The authors evaluate the performance of Lance, a unified multimodal model with 3B activated parameters, across image generation, video generation, image editing, and video understanding tasks. Results show that Lance achieves competitive or top-tier performance compared to larger models on benchmarks for image and video generation, while also demonstrating strong capabilities in image editing and video understanding. The model's performance is further enhanced by multi-task training and a modality-aware positional encoding mechanism. The authors analyze the impact of training data composition and model scaling, showing that increasing training tokens improves prompt alignment, visual fidelity, and temporal consistency. Lance achieves top-tier performance on image generation benchmarks despite having significantly fewer parameters than competing models. Lance demonstrates strong multimodal editing capabilities, particularly in preserving structural coherence and realistic textures in both images and videos. The model's performance improves with increased training tokens and benefits from multi-task training, indicating the effectiveness of shared learning across different modalities and tasks.

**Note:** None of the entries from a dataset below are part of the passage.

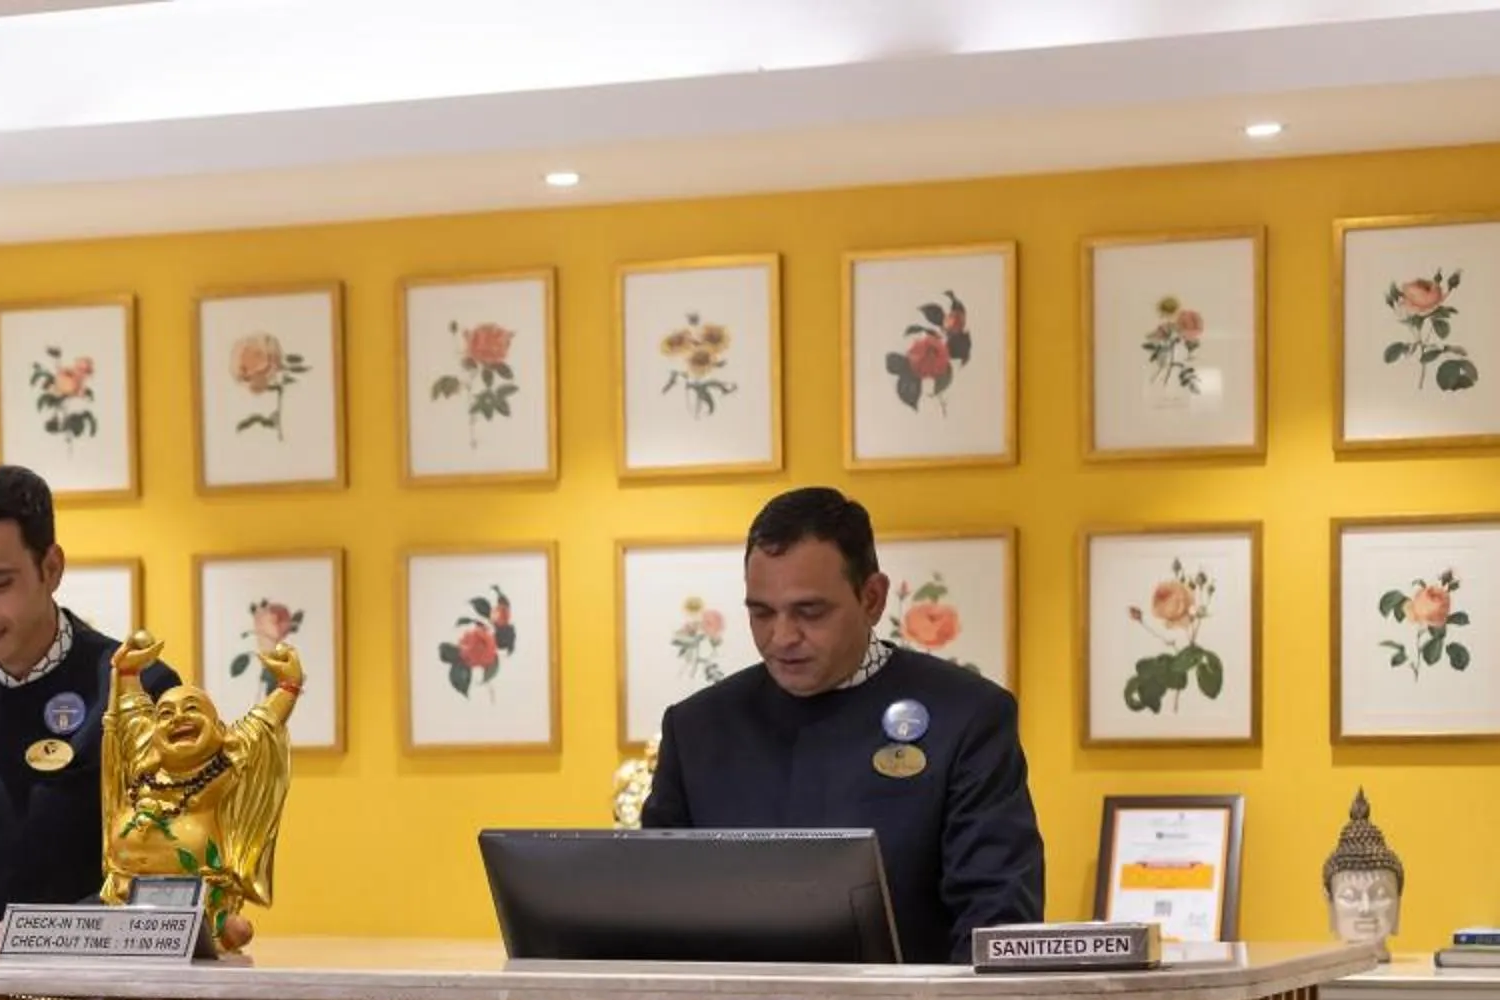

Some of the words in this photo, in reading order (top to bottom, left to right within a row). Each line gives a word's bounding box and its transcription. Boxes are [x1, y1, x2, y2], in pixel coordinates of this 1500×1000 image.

[15, 917, 73, 929] CHECK-IN
[76, 917, 103, 930] TIME
[161, 919, 187, 931] HRS
[11, 935, 80, 948] CHECK-OUT
[83, 936, 111, 949] TIME
[155, 937, 181, 950] HRS
[991, 939, 1087, 957] SANITIZED
[1093, 937, 1130, 953] PEN
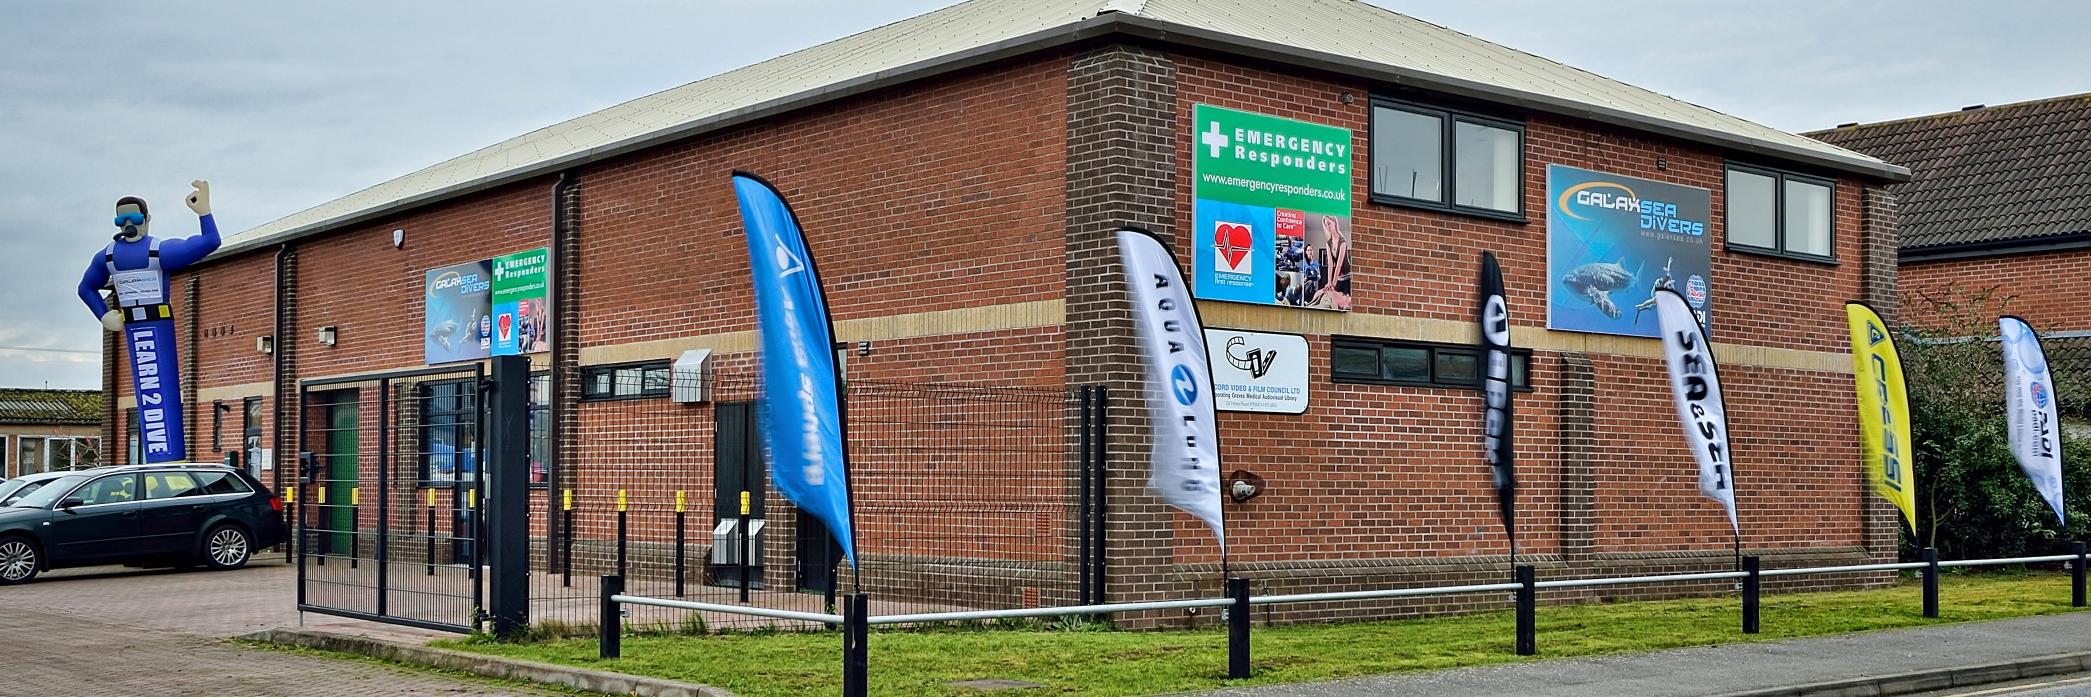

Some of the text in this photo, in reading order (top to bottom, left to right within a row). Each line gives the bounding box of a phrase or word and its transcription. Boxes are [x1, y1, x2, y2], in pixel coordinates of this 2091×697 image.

The authors evaluate a compact 3B-parameter unified multimodal model across image and video generation, editing, and understanding tasks to validate its cross-modal versatility and architectural efficiency. Benchmark assessments confirm that the model delivers top-tier performance among unified architectures, effectively balancing high-fidelity generation with robust understanding while surpassing larger specialized baselines. Ablation and comparative analyses further demonstrate that multi-task training and modality-aware positional encoding consistently improve cross-task alignment, structural coherence, and temporal consistency. These qualitative findings collectively indicate that shared learning across diverse modalities generates strong synergistic effects, allowing a streamlined model to maintain competitive performance without sacrificing visual or semantic fidelity.